ACTION ITEM: Every line of the material must be given again verbatim. Skip the images.

DATA EXTRACT:
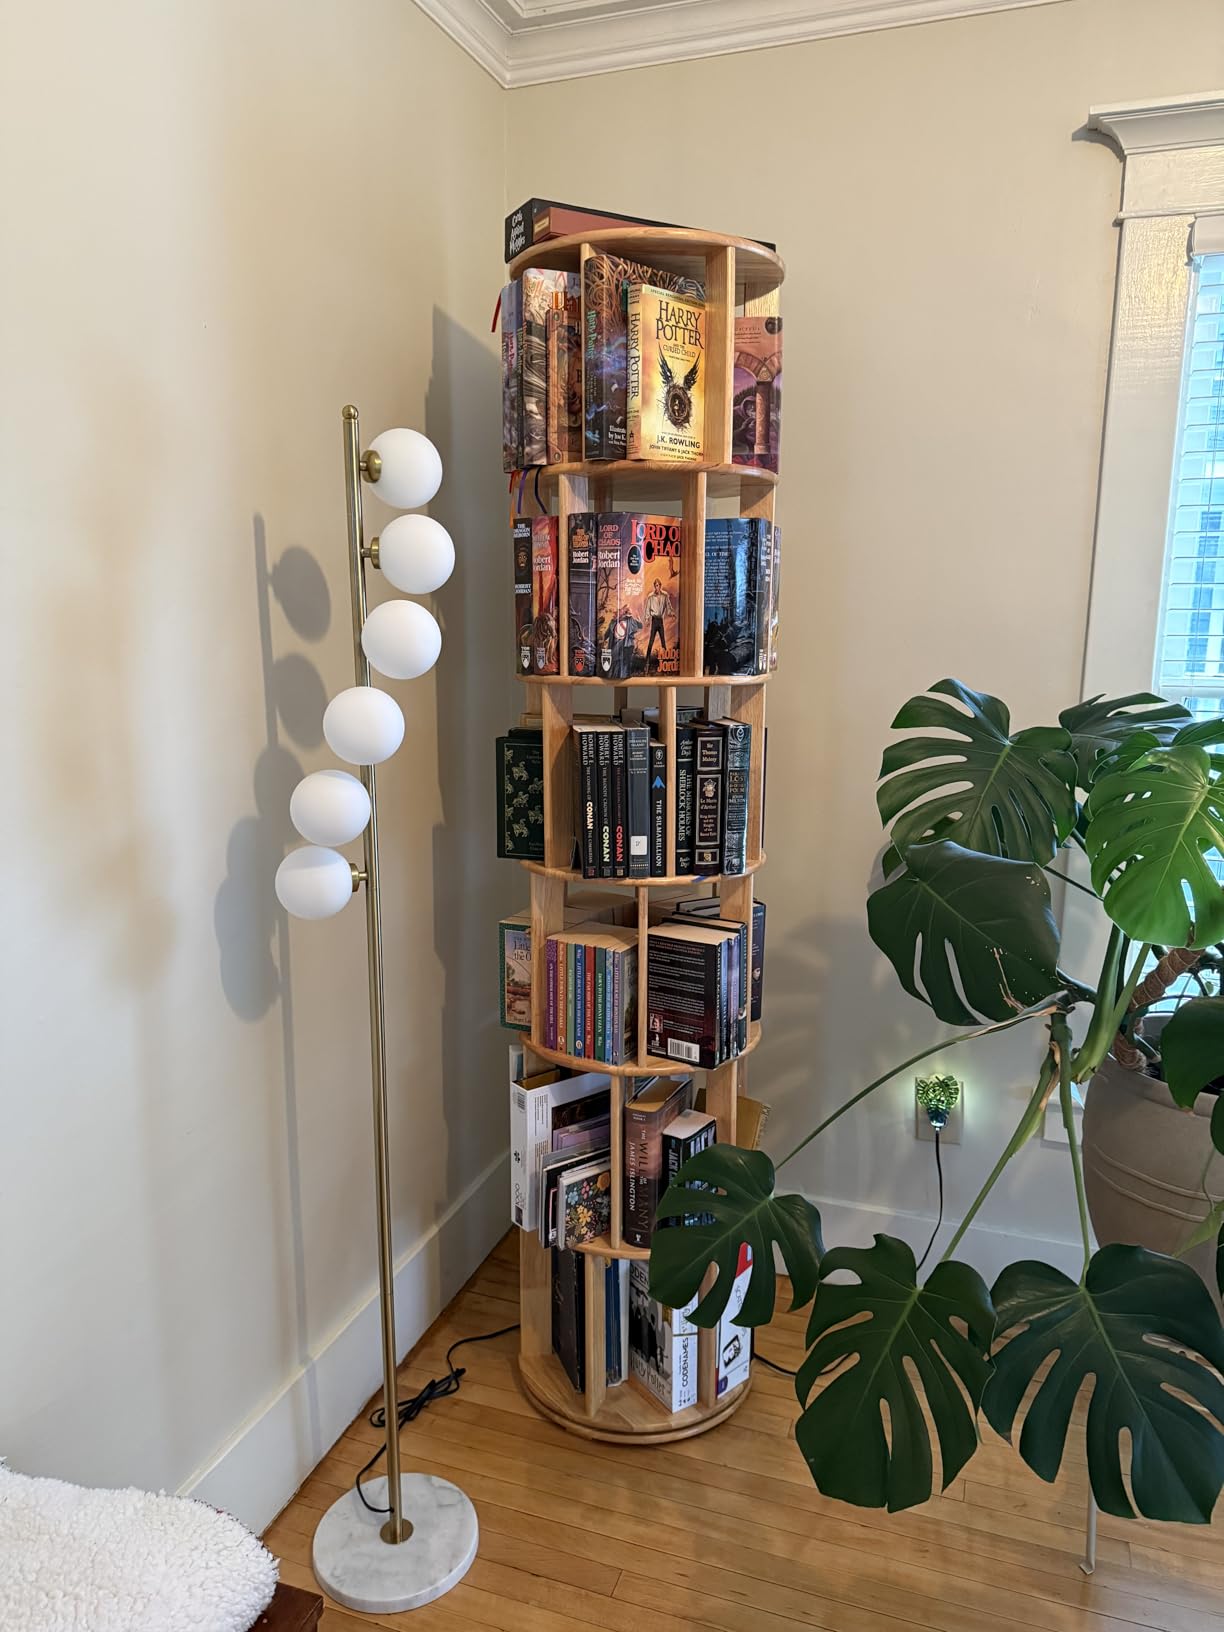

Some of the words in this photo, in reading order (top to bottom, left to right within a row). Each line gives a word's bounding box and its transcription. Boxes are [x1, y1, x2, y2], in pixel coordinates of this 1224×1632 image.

[510, 234, 526, 256] Muggles
[587, 310, 597, 332] Harry
[658, 300, 702, 330] HARRY
[630, 312, 640, 352] HARRY
[656, 318, 704, 350] POTTER
[587, 332, 597, 359] Potter
[630, 354, 640, 400] POTTER
[657, 435, 668, 444] J.K.
[669, 437, 700, 448] ROWLING
[631, 520, 666, 544] LORD
[668, 526, 680, 541] O
[598, 550, 620, 560] Robert
[643, 540, 680, 562] CHAO
[598, 560, 620, 568] Jordan
[658, 649, 679, 659] Robe
[657, 660, 679, 672] Jord
[690, 1126, 715, 1158] JACK
[639, 1142, 648, 1172] WILL
[669, 1149, 678, 1170] JACK
[639, 1186, 648, 1228] MANY
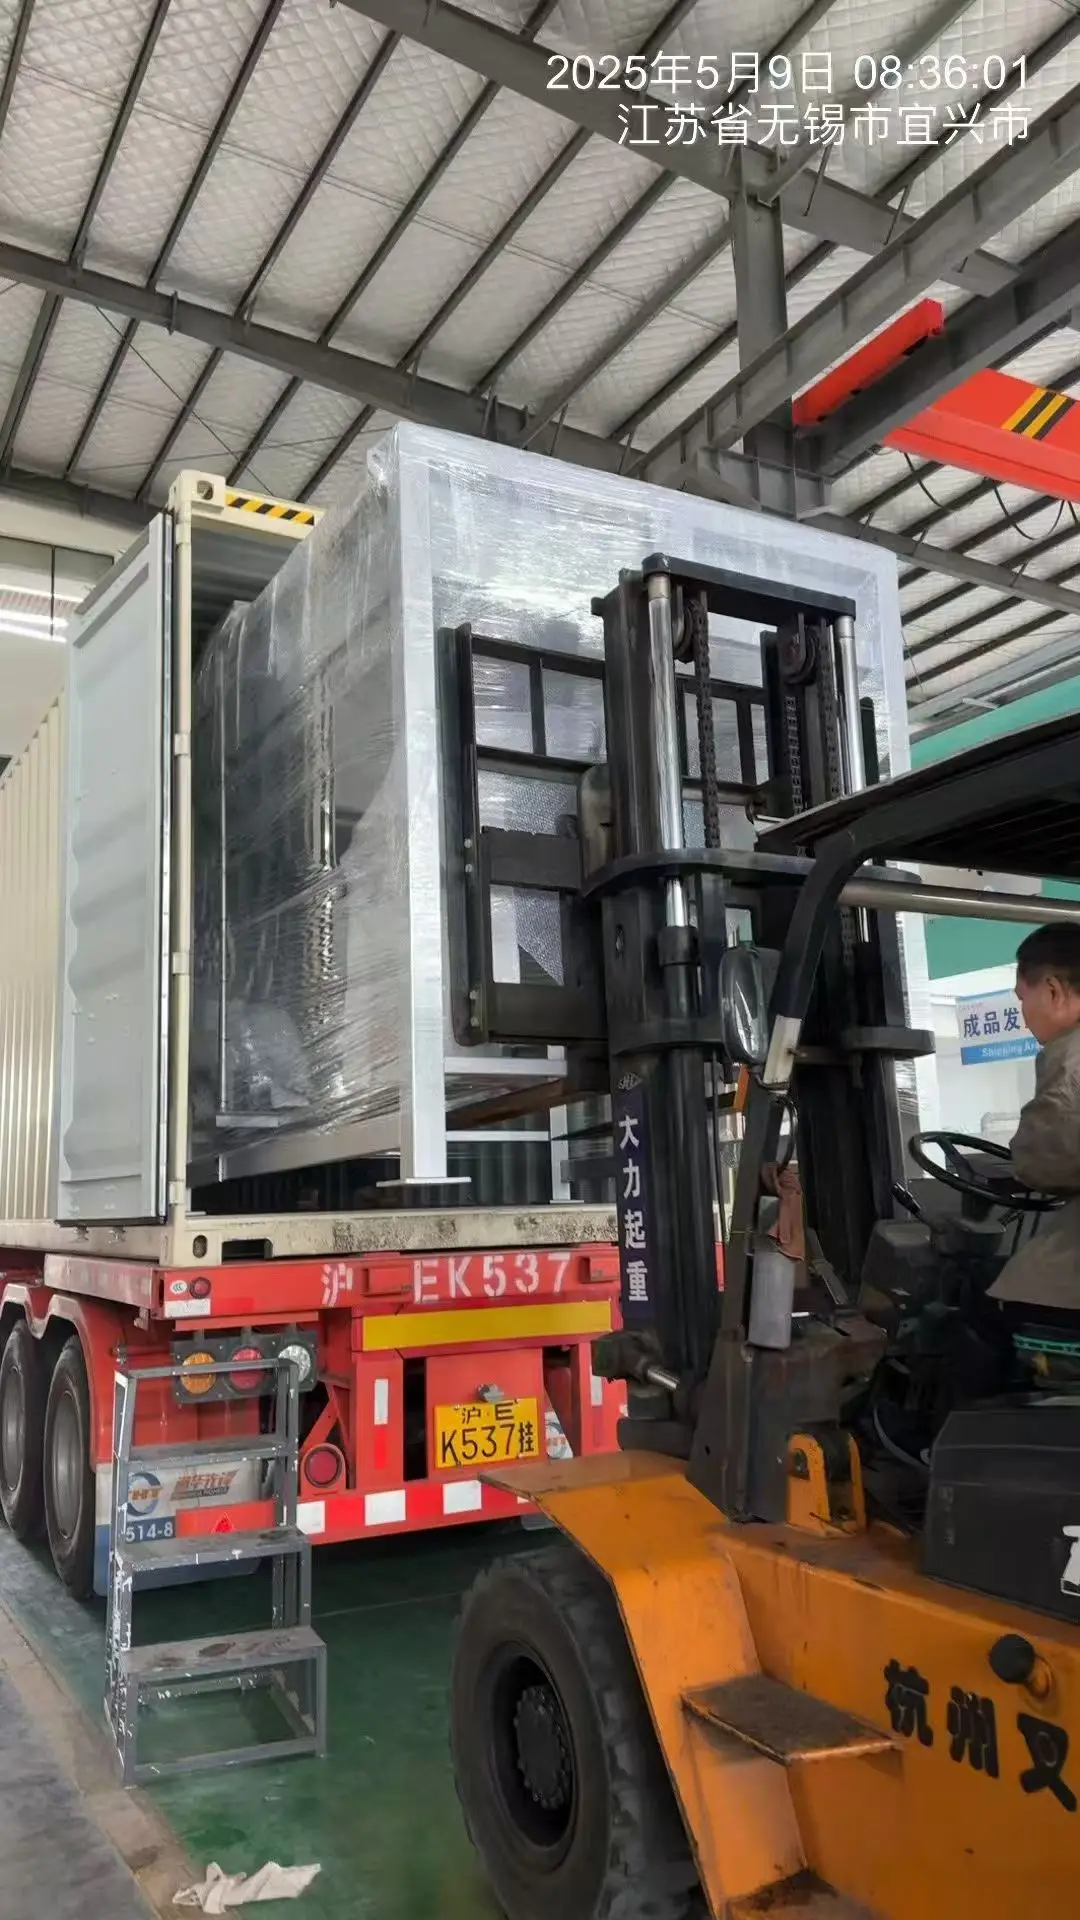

OUTPUT:
Some of the words in this photo, in reading order (top to bottom, left to right within a row). Each line gives a word's bounding box and its transcription. Boxes are [x1, y1, x2, y2], in pixel coordinates of this 1224×1632 image.

[510, 234, 526, 256] Muggles
[587, 310, 597, 332] Harry
[658, 300, 702, 330] HARRY
[630, 312, 640, 352] HARRY
[656, 318, 704, 350] POTTER
[587, 332, 597, 359] Potter
[630, 354, 640, 400] POTTER
[657, 435, 668, 444] J.K.
[669, 437, 700, 448] ROWLING
[631, 520, 666, 544] LORD
[668, 526, 680, 541] O
[598, 550, 620, 560] Robert
[643, 540, 680, 562] CHAO
[598, 560, 620, 568] Jordan
[658, 649, 679, 659] Robe
[657, 660, 679, 672] Jord
[690, 1126, 715, 1158] JACK
[639, 1142, 648, 1172] WILL
[669, 1149, 678, 1170] JACK
[639, 1186, 648, 1228] MANY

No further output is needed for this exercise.